Tschumi l'a aussi aidé à adopter cette attitude : « Ma relation avec le maître d'atelier est très bonne. Il est toujours là si j'ai besoin d'aide ou cherche un nouveau défi », me confie Ali K.. Je demande Tschumi s'il n'est pas difficile de rester impartial en fonction de l'effraction commise. « Tout le monde ici a déjà été condamné, je n'ai pas à le faire. Je vois l'être humain, pas le criminel. » Il a consciemment décidé de combiner sa profession de peintre avec un aspect social et a donc aussi suivi une formation en tant qu'employé de prison. Il travaille à Lenzburg depuis onze ans et aime son travail.

Pour beaucoup de détenus, le mot formation leur est étranger : « La plupart d'entre eux ici n'ont jamais terminé leurs études et, pour la première fois de leur vie, apprennent à suivre une sorte de structure », ajoute Hug.

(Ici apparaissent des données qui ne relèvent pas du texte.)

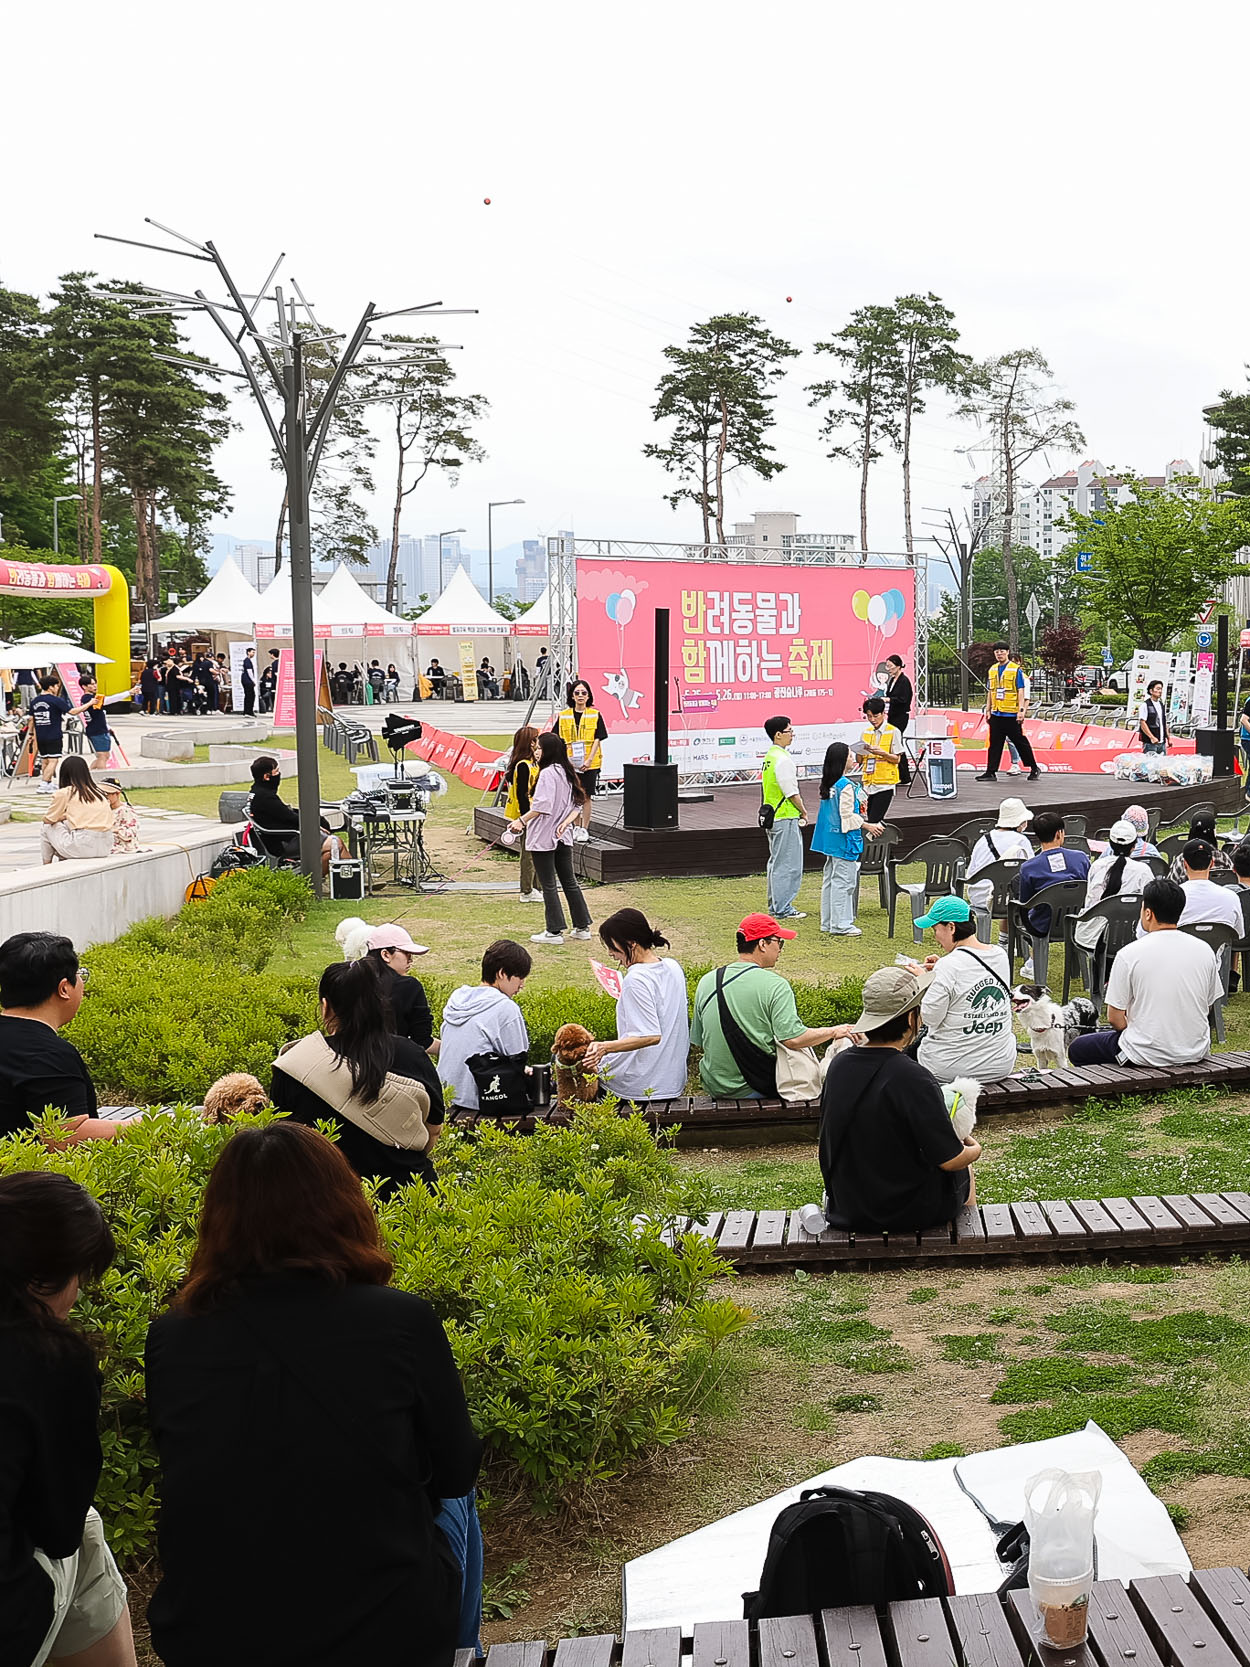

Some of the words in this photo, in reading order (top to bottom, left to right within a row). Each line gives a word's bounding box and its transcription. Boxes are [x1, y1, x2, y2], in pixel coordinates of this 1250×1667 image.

[681, 590, 802, 635] 반려동물과
[681, 639, 783, 684] 함께하는
[787, 638, 833, 682] 축제
[927, 741, 942, 756] 1등
[965, 977, 994, 1003] RUGGED
[962, 1020, 1003, 1036] Jeep

Même pendant leur peu de temps libre ils doivent respecter des règles. « Si tu t'inscris à un entraînement de fitness, tu dois y aller régulièrement, sinon tu es exclu. » Le but de cette manœuvre est de leur apprendre que les accords sont contraignants.

Christoph Hug est responsable pour les 18 métiers présents à la JVA de Lenzburg.
Christoph Hug est responsable pour les 18 métiers présents à la JVA de Lenzburg.

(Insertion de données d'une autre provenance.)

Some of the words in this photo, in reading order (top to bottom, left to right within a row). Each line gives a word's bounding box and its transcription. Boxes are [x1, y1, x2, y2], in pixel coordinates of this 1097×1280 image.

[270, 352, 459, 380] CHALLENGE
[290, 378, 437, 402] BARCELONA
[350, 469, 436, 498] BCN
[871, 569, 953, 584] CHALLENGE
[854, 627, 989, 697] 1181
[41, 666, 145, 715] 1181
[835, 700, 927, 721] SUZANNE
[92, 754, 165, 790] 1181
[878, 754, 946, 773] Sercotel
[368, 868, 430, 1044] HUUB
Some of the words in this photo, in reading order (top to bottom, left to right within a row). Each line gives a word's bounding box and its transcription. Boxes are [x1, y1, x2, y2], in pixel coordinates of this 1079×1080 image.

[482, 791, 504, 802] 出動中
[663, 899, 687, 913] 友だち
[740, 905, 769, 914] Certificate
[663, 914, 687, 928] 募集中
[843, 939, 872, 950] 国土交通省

Alors que nous nous rendons doucement à la prochaine station, je remarque à quel point l'atelier est calme. Personne ne parle, personne ne rit. « C'est seulement parce que tu es là. Sinon, ils font toujours des blagues», dit Tschumi en souriant. Ensuite, il m'explique l'étape suivante : « Chaque défaut doit être éliminé. Chaque volet est placé sur deux chevalets pliants. Un prisonnier doit égaliser tous les défauts avec du mastic beige avant que le volet ne soit poncé à nouveau à la main, en s'assurant qu'il n'y a pas d'irrégularités de surface. Après cela, le volet est peint à l'aérographe », précise Tschumi.

De l'art sur des crochets

Pour la peinture, les volets sont suspendus à une sorte de crochet et tirés dans la cabine par un système de rails. Ali K. est déjà en train de travailler. Il peint les pieds d'un banc avec une laque argentée. Pendant qu'il fait son travail dans des vêtements de protection, je me tiens dans la cabine de peinture avec mes vêtements normaux et je me sens un peu étourdie par les vapeurs. Cette odeur est aussi présente dans la pièce d'à côté où est entreposé la peintre et le vernis : « On s'y habitue. C'est même pire ; au bout d'un certain temps, on a même besoin de ces vapeurs », plaisante Tschumi.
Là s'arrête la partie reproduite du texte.